What can you make of this page, an error in the TOC, missing section? Prices page seems to be appendix 4, not 5. 5 is listed as prices though... for now I've unlinked appendix 5. - Theornamentalist (talk) 02:28, 27 August 2012 (UTC) I found the missing section... on pg 384. - Theornamentalist (talk) 02:35, 27 August 2012 (UTC)[reply]

I think there is a page missing in the third edition, either from the scan or from the original print run. Looking at the Internet Archive, this page of a different scan clearly has both appendices. The meteorological appendix may have been left out of the third edition (and the table of contents wasn't changed or this was not intentional) or the page may have been lost prior to scanning (which doesn't explain the prices appendix being numbered four). If you follow the page numbers, they don't seem to run in sequence. The 464th page of the scan is page number 383 and the next page with a page number is the 467th page, which should be page number 386 but is numbered as page 388. It looks like a page is missing. Looking at a different scan of the 3rd edition, it has the same numbering problem and no meteorological appendix (NB: This scan comes from the Library of Congress' copy of the book; I would expect it to be in reasonable condition). So, it might be an error that occurred with the original printers. If so, adding a note in the header to this effect should be enough to cover the discrepancy. - AdamBMorgan (talk) 14:54, 27 August 2012 (UTC)[reply]
Sounds good to me. Thank you for clearing it up, I didn't realize they were different editions. -Theornamentalist (talk) 15:25, 27 August 2012 (UTC)[reply]
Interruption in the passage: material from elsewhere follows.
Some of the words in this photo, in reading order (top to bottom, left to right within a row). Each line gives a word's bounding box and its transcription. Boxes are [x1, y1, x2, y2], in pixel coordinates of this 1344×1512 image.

Re: new dynamic layouts[edit]

I'd love to add/refine dynamic layouts as you've proposed but I feel we need to fix a thing or two before taking that next step. Rather than "blowing up" your proposal on WS:S with my concerns, I thought approaching you individually first would be better in this instance.

I've gone on and on about what I believe to be simple changes to the current dynamic layout scheme but have gotten very little in feedback let alone action to date. I'm hoping to gain your insight (& ultimately your support) for these changes. I've drawn up a whitepaper diagraming the current state of things and proposals for the changes I think are needed in this area. Please review it when you have the time and let me know what you think (if anything) about it. -- George Orwell III (talk) 19:09, 30 August 2012 (UTC)[reply]
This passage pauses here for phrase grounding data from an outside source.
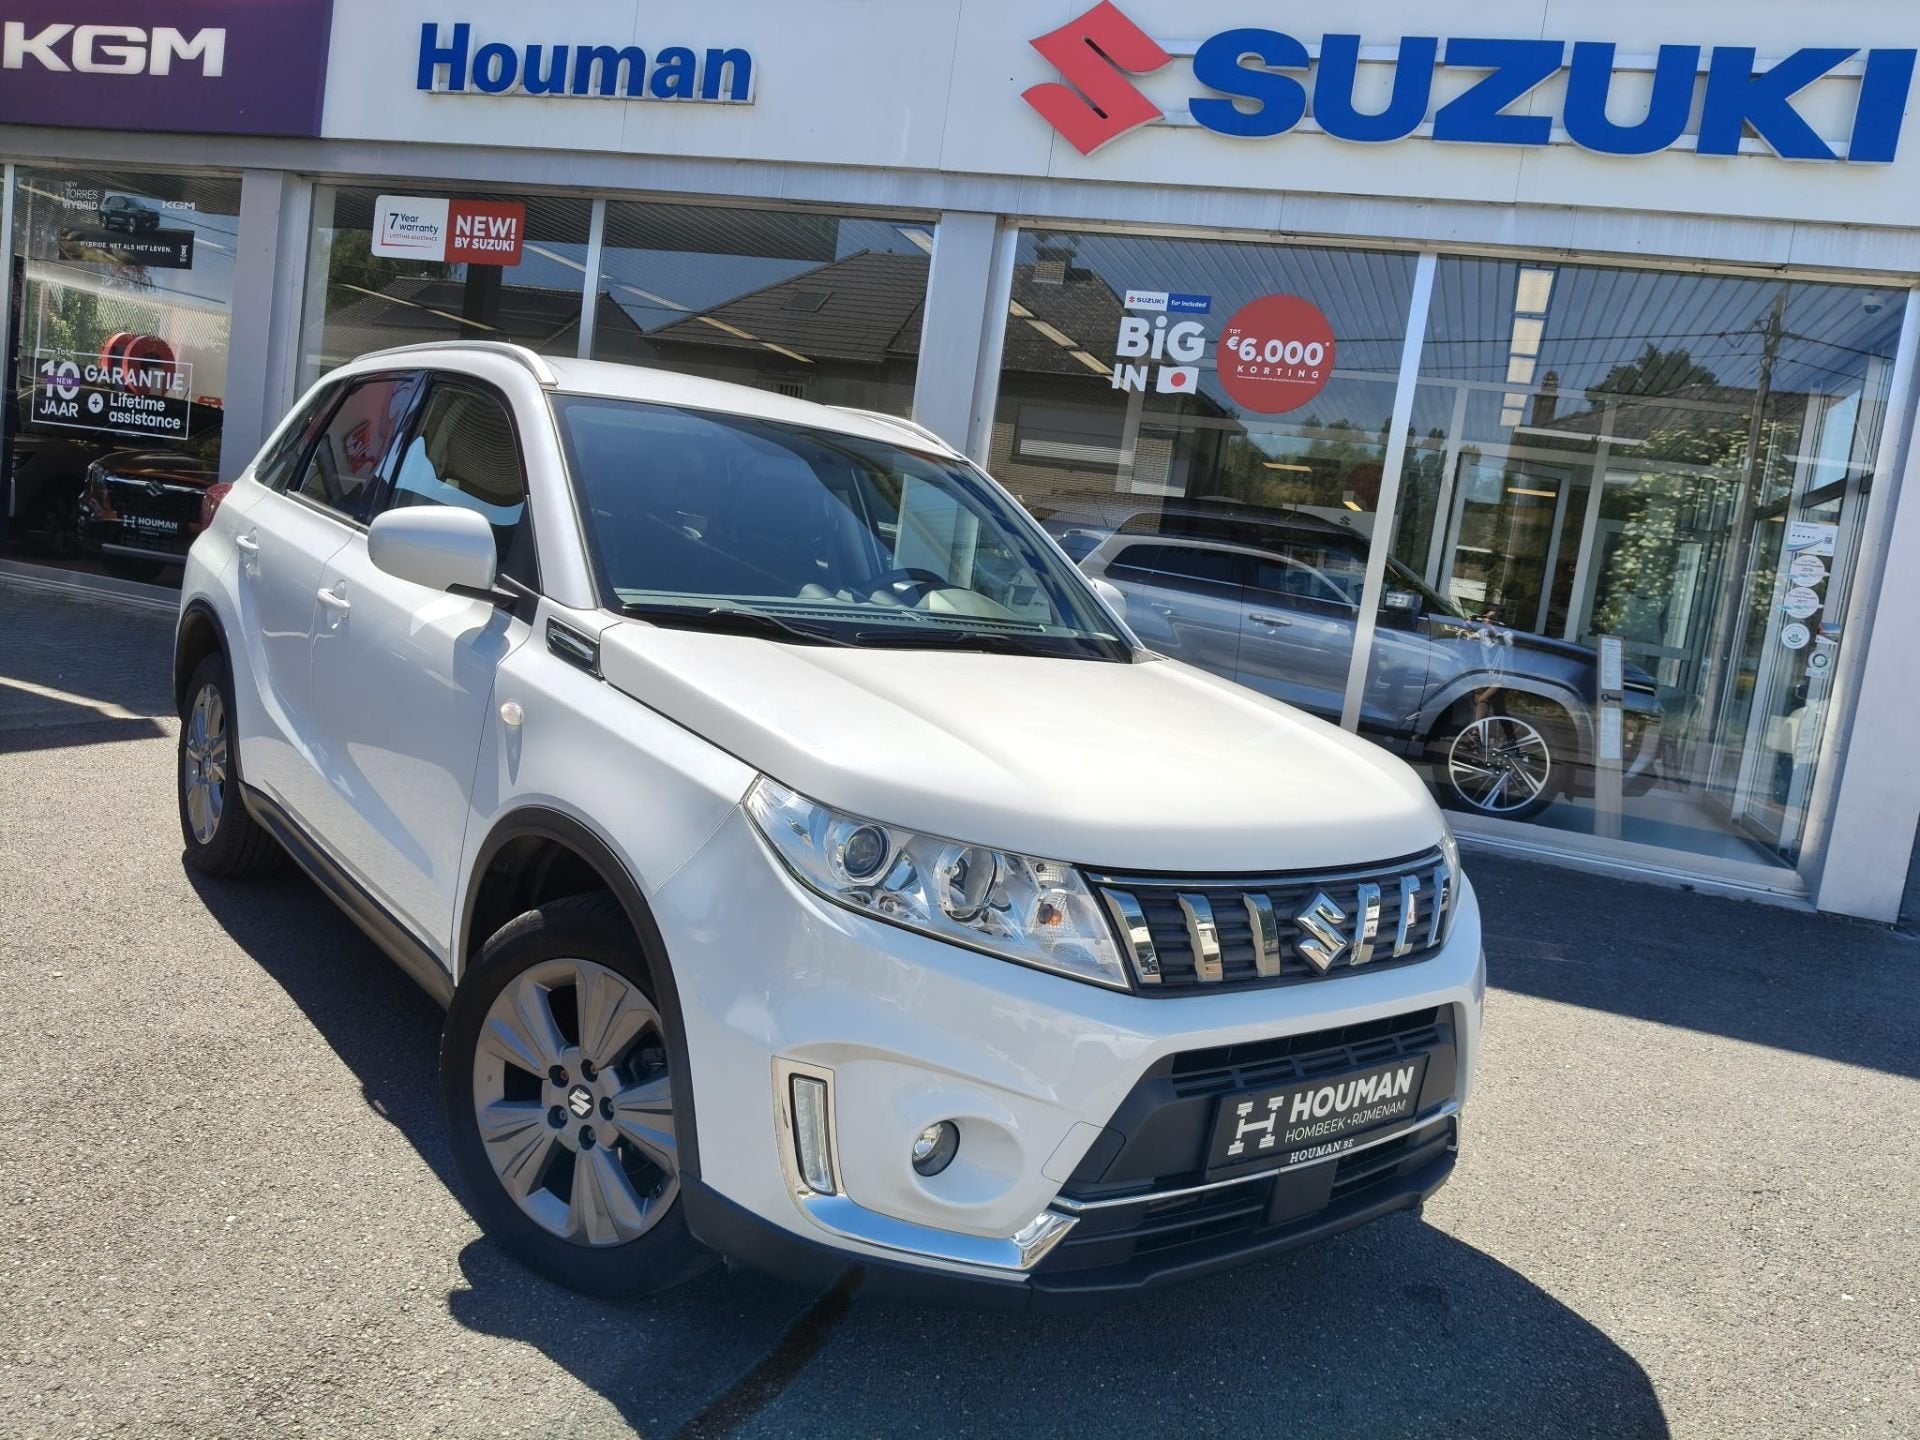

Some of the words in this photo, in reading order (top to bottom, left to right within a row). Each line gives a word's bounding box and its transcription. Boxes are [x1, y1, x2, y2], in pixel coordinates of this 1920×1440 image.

[2, 20, 227, 78] KGM
[416, 22, 756, 103] Houman
[1187, 26, 1918, 165] SUZUKI
[65, 188, 98, 200] TORRES
[63, 200, 98, 211] HYBRID
[162, 201, 195, 211] KGM
[389, 212, 399, 230] 7
[400, 213, 419, 222] Year
[399, 223, 439, 235] warranty
[455, 214, 517, 240] NEW!
[454, 236, 470, 248] BY
[40, 360, 81, 400] 10
[56, 377, 73, 385] NEW
[84, 364, 184, 391] GARANTIE
[1111, 363, 1149, 392] IN
[1237, 365, 1319, 378] KORTING
[39, 400, 79, 418] JAAR
[109, 392, 166, 411] Lifetime
[109, 409, 181, 430] assistance
[138, 517, 178, 529] HOUMAN
[1289, 1066, 1414, 1123] HOUMAN
[1284, 1116, 1347, 1144] HOMBEEK
[1351, 1100, 1406, 1126] RIJMENAM
[1289, 1138, 1354, 1163] HOUMAN.BE
I've looked through it and I would support these changes. It seems to be more about implementing good practice rather than a change that would be noticed by most users. Change 1 is great; it removes confusion. I don't know whether change 2 or 3 is the most practical—I know enough about HTML etc to follow the Basics section but get a bit lost at this stage. I can't see why change 2 wouldn't work but I am happy for either to be implemented. Can we make these changes or does it need a Bugzilla request? - AdamBMorgan (talk) 11:27, 31 August 2012 (UTC)[reply]
Actually, I believe it will finally fill out the ~3em or so offset expierenced by the header template under layout 1 on the left hand side as well as stop the skewing of the page highlight function by the same amount so users will "see" a slight difference (a difference that I believe to be the intended rendering had the designer had the tags available back then like we have today). And yes, for the most part the change is proactive rather than reactive with an eye towards future co-existance with multi-language or auto translation features still being developed.
As far as how to approach fixing this - your guess is as good as anybody's. Technically, Dynamic Layouts are not part of the ProofRead Page extension though it shares many of the same routines and files as the formal extension does (that's how it was gained "consensus" for implementation - by hostage - in the first place). I've brought to the attention of folks who I'd hoped could fix this with no luck. I'm not sure a bugzilla would solve to what amounts to a "self-inflicted, local" problem. -- George Orwell III (talk) 15:53, 31 August 2012 (UTC)[reply]

Request[edit]

Adam, would you please bring a book to WS so I can edit it? the specific information follows. The pages are discolored but I prefer that because it is easier on my eyes than stark white pages. The edited pages won't be discolored when I am finished. Have a very good day either way, —William Maury Morris IITalk 13:11, 3 September 2012 (UTC)[reply]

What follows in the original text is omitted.